COURT OF SPECIAL APPEALS OF MARYLAND
Jun 21, 2021
No. 570 (Md. Ct. Spec. App. Jun. 21, 2021)

Opinion

No. 570

06-21-2021

ROBERT COWGER, JR. v. POCOMOKE CITY, ET AL.


Circuit Court for Worcester County
Case No. C-23-CV-19-000227

UNREPORTED

Berger, Nazarian, Leahy, JJ. Opinion by Berger, J. *This is an unreported opinion, and it may not be cited in any paper, brief, motion, or other document filed in this Court or any other Maryland Court as either precedent within the rule of stare decisis or as persuasive authority. Md. Rule 1-104.

This case is before us on appeal from an order in the Circuit Court for Worcester County granting summary judgment in favor of Pocomoke City ("the City"), appellee. The lawsuit was filed by Robert Cowger, Jr. ("Cowger"), the appellant. Cowger alleged that the City violated the City Charter in effecting Cowger's termination as City Manager and failed to pay him all the wages he was due under Maryland law.

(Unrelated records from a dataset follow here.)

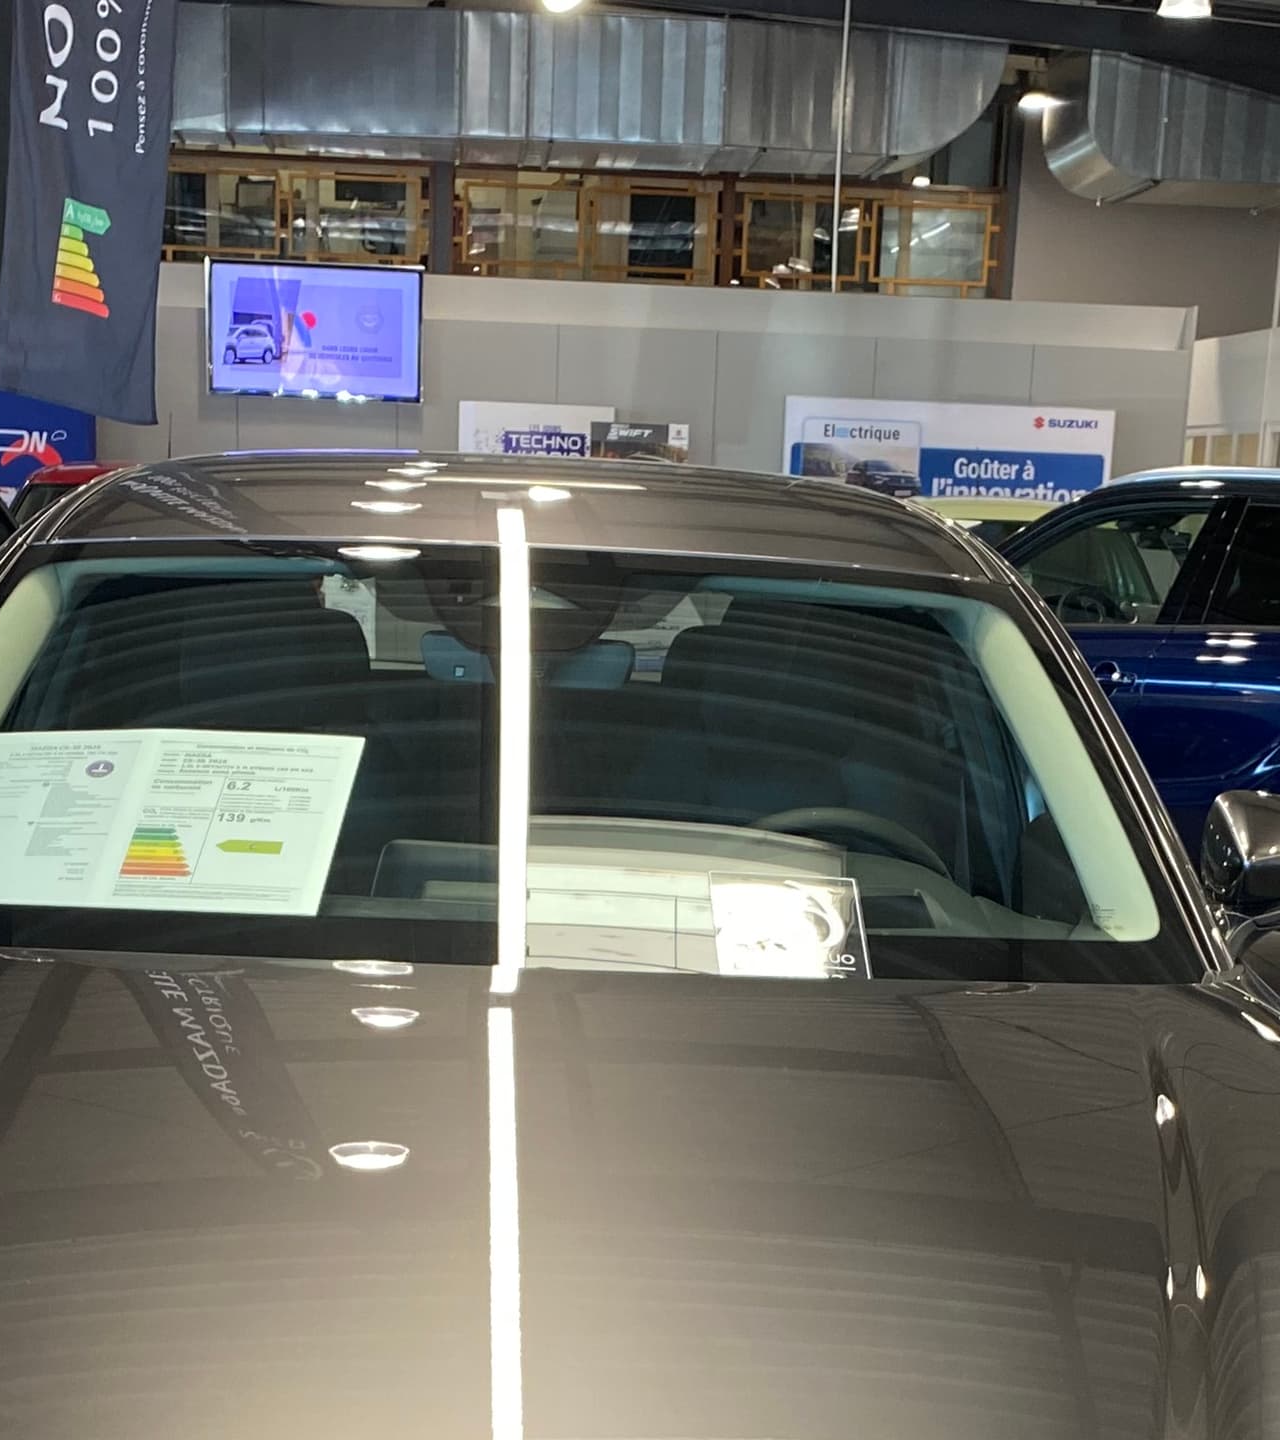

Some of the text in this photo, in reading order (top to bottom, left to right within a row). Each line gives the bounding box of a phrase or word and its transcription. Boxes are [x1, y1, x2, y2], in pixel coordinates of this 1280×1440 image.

[134, 95, 147, 154] Pensez
[1047, 418, 1099, 430] SUZUKI
[609, 427, 653, 439] SWIFT
[508, 434, 582, 450] TECHNO
[953, 456, 1037, 481] Goûter à
[226, 781, 252, 792] 6.2
[217, 812, 247, 824] 139
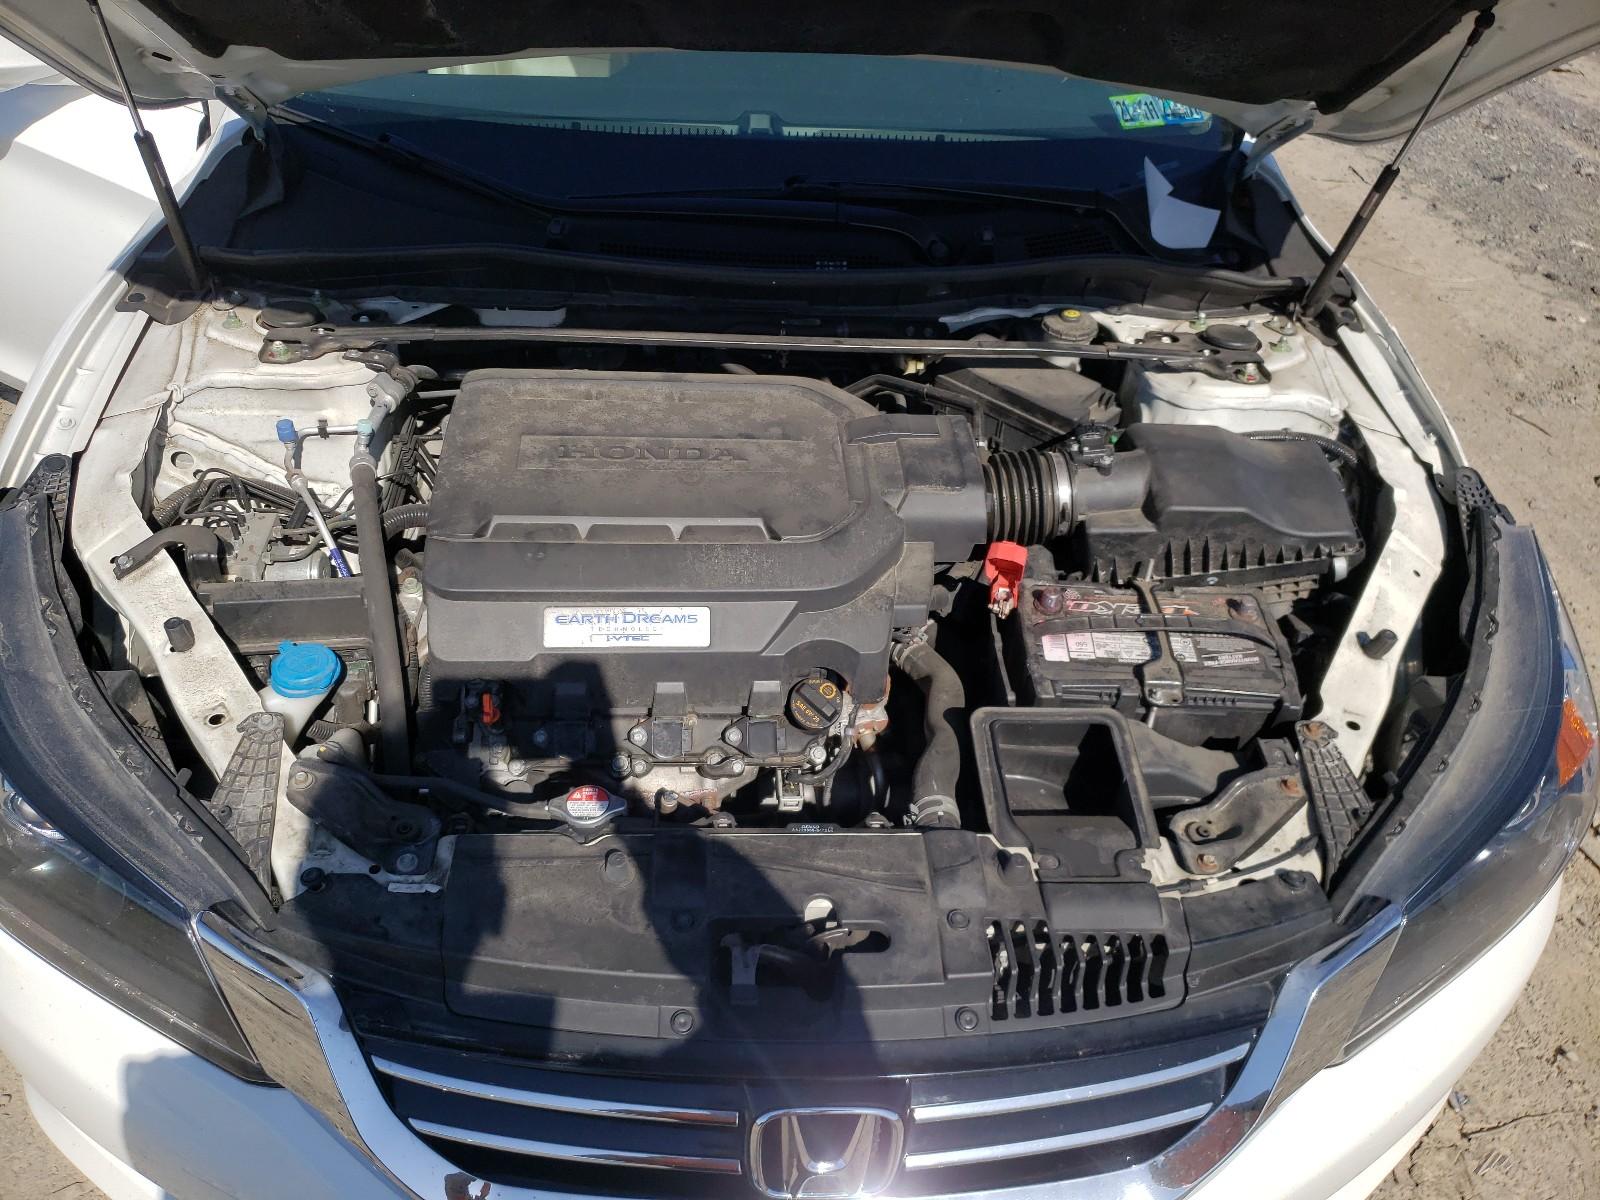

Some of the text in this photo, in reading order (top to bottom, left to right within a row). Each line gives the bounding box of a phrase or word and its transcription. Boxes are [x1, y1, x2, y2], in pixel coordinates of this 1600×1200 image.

[558, 445, 749, 462] HONDA
[555, 611, 699, 624] EARTH DREAMS
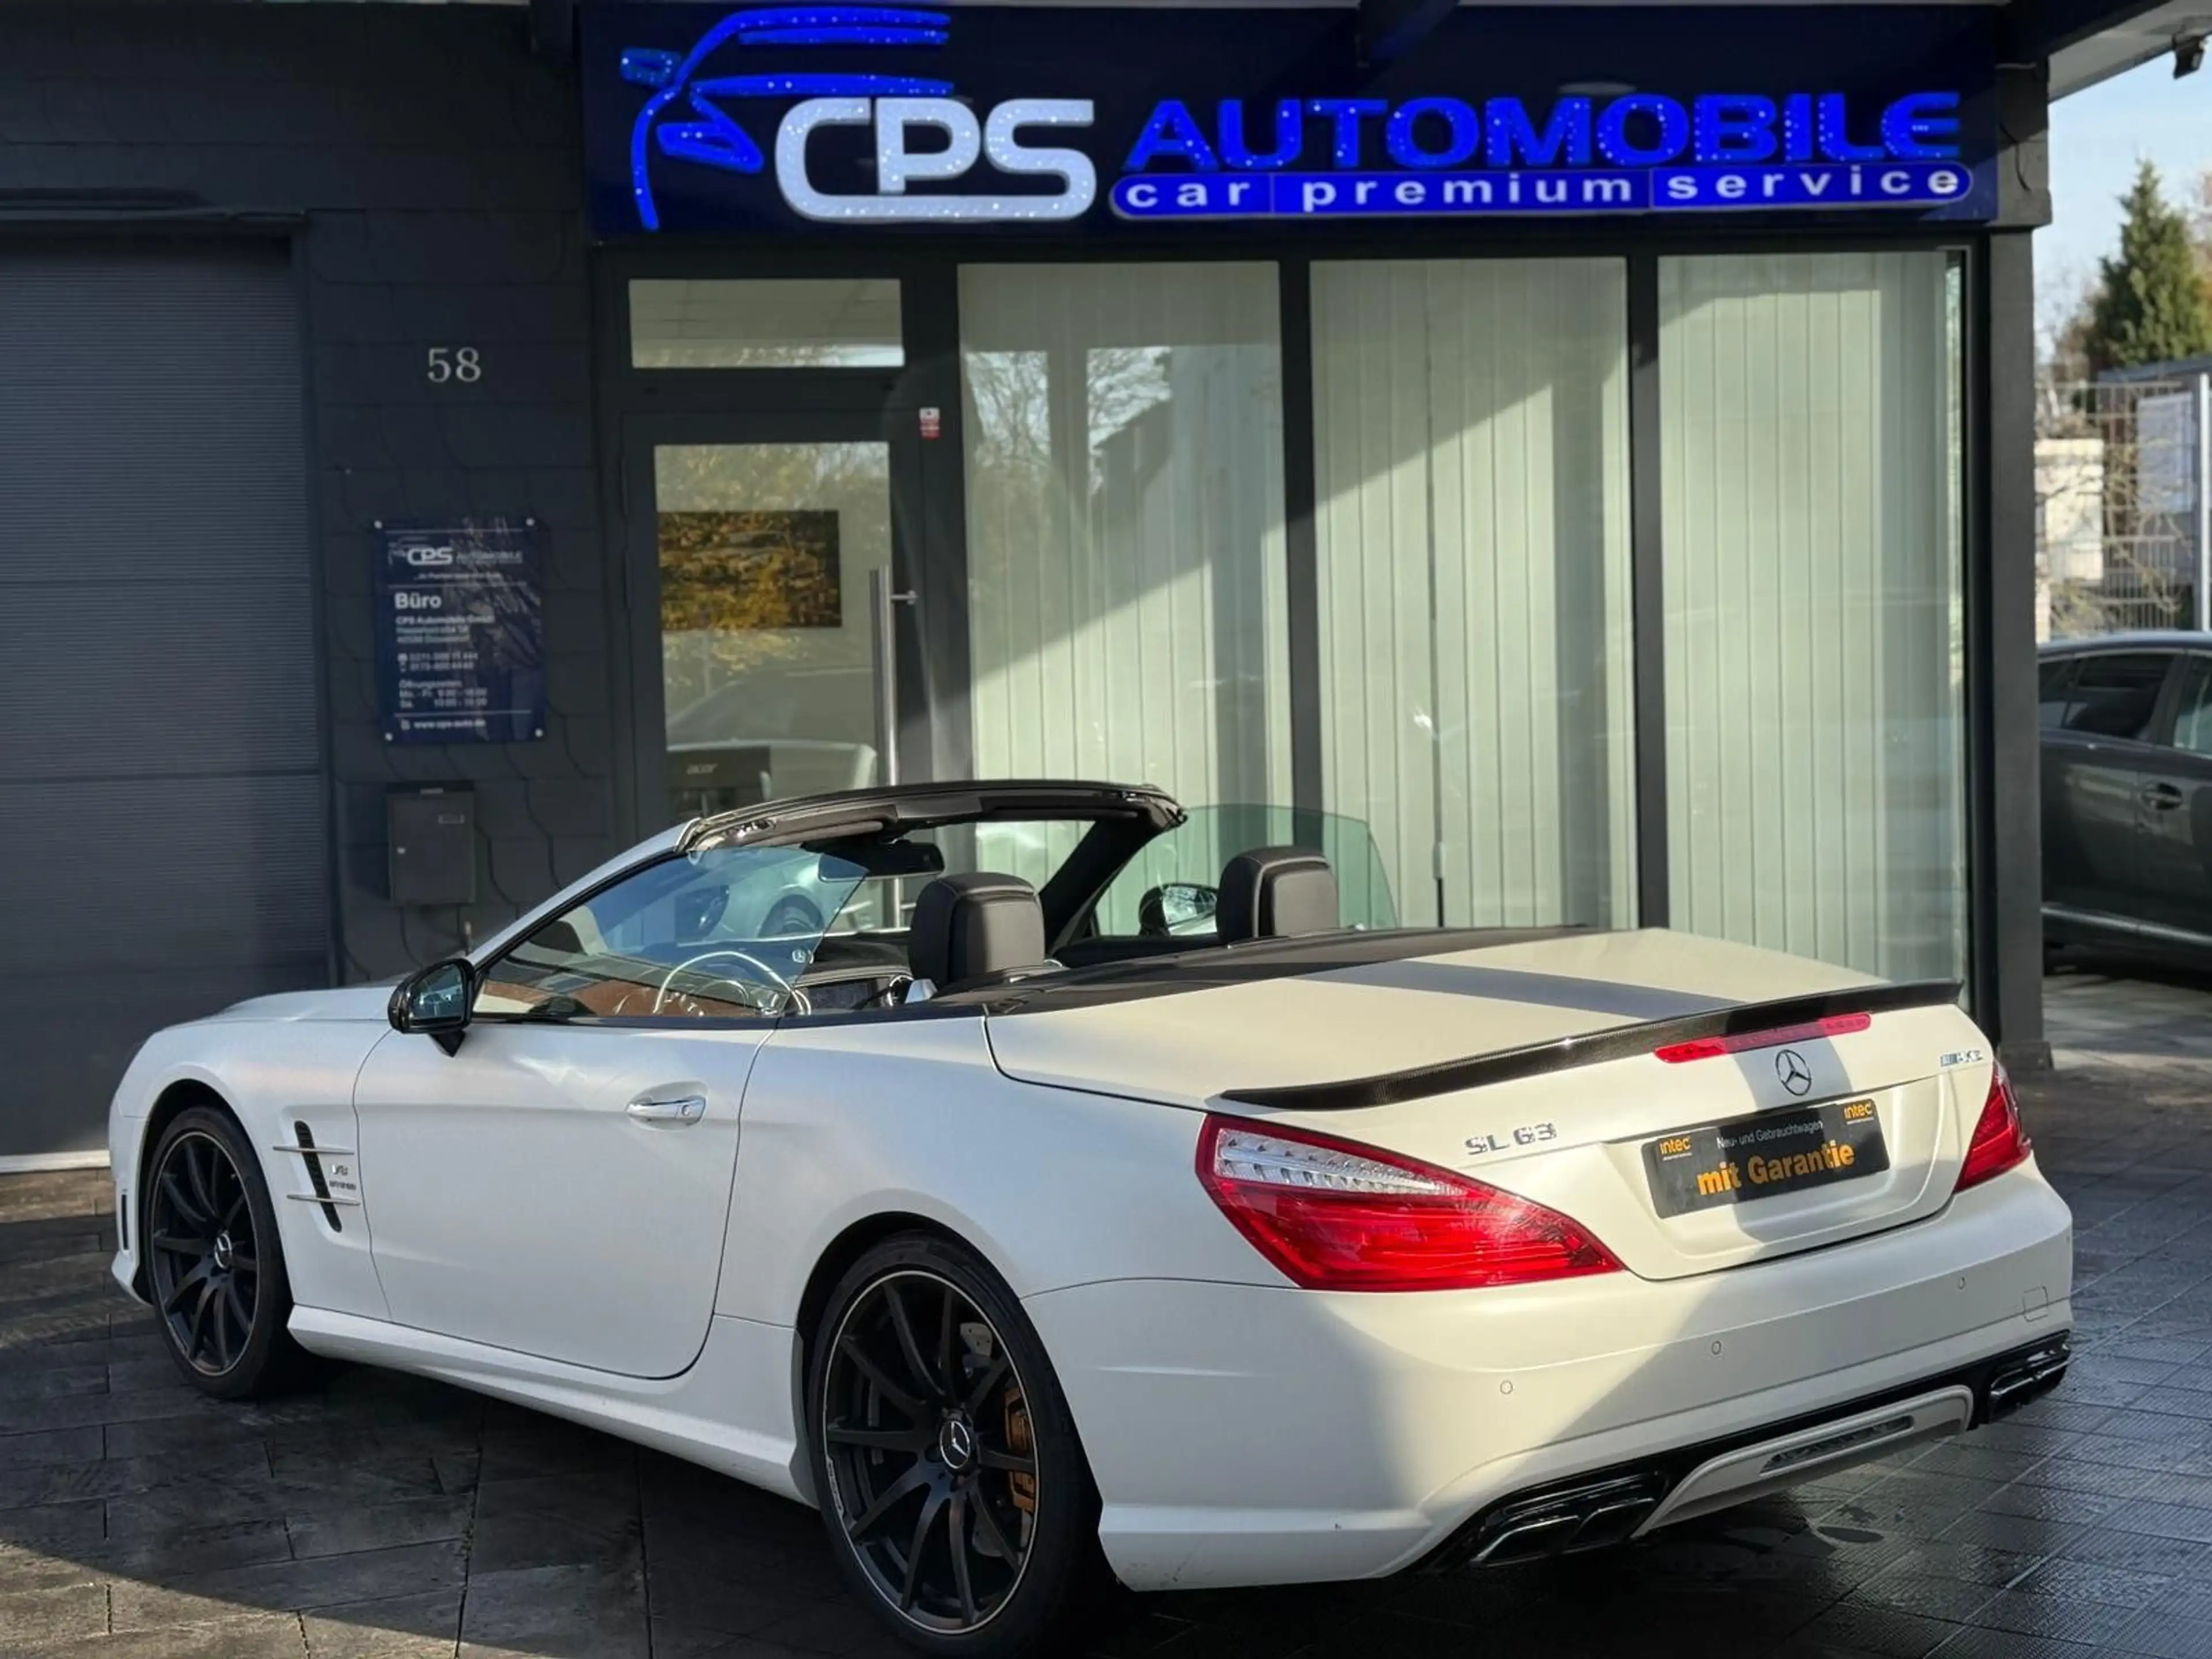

The appellant filed suit against the City; the Mayor of the City, Bruce Morrison ("the Mayor"); and four of the five City Council members: R. Scott Holland ("Holland"); Diane Downing ("Downing"); R. Dale Trotter ("Trotter"); and Todd J. Nock ("Nock"). For clarity, we will refer to the appellees collectively as "the City" and individually as indicated above.

Cowger presents one issue for our consideration on appeal, which we have rephrased as follows:

Cowger's original question presented is as follows:

Was the trial court correct in ruling as a matter of law the City had followed its own Charter in firing the City Manager?


Whether the trial court erred as a matter of law in ruling that the City complied with the required procedure of its City Charter in terminating Cowger's employment as City Manager.
For the reasons explained herein, we shall hold that the trial court did not err in granting the City's motion for summary judgment regarding the City's compliance with its City Charter. We shall affirm the judgment of the circuit court.

FACTS AND PROCEEDINGS

On August 28, 2017, Cowger was appointed as the City Manager of Pocomoke City, Maryland. On April 15, 2019, the City Council met in a closed session to discuss employment issues related to Cowger. At that time, the City Council voted three to two in favor of preliminary Resolution No. 519, calling for Cowger's removal as City Manager. At that time, Cowger was suspended and did not perform any work for the City after that point. The following day, the City issued a press release announcing that Cowger was no longer employed as the City Manager. Through counsel, Cowger challenged the action taken at the April 15 meeting, alleging that the vote was improperly held in a closed session and that one of the City Council members did not yet have the right to vote on a proposed resolution.

Cowger contends that Councilman Holland was not yet eligible to vote on the proposed resolution because he was elected on April 1, 2019 and, therefore, was not allowed to join the Council and vote until April 16, 2019 pursuant to Section C-3 of the City Charter.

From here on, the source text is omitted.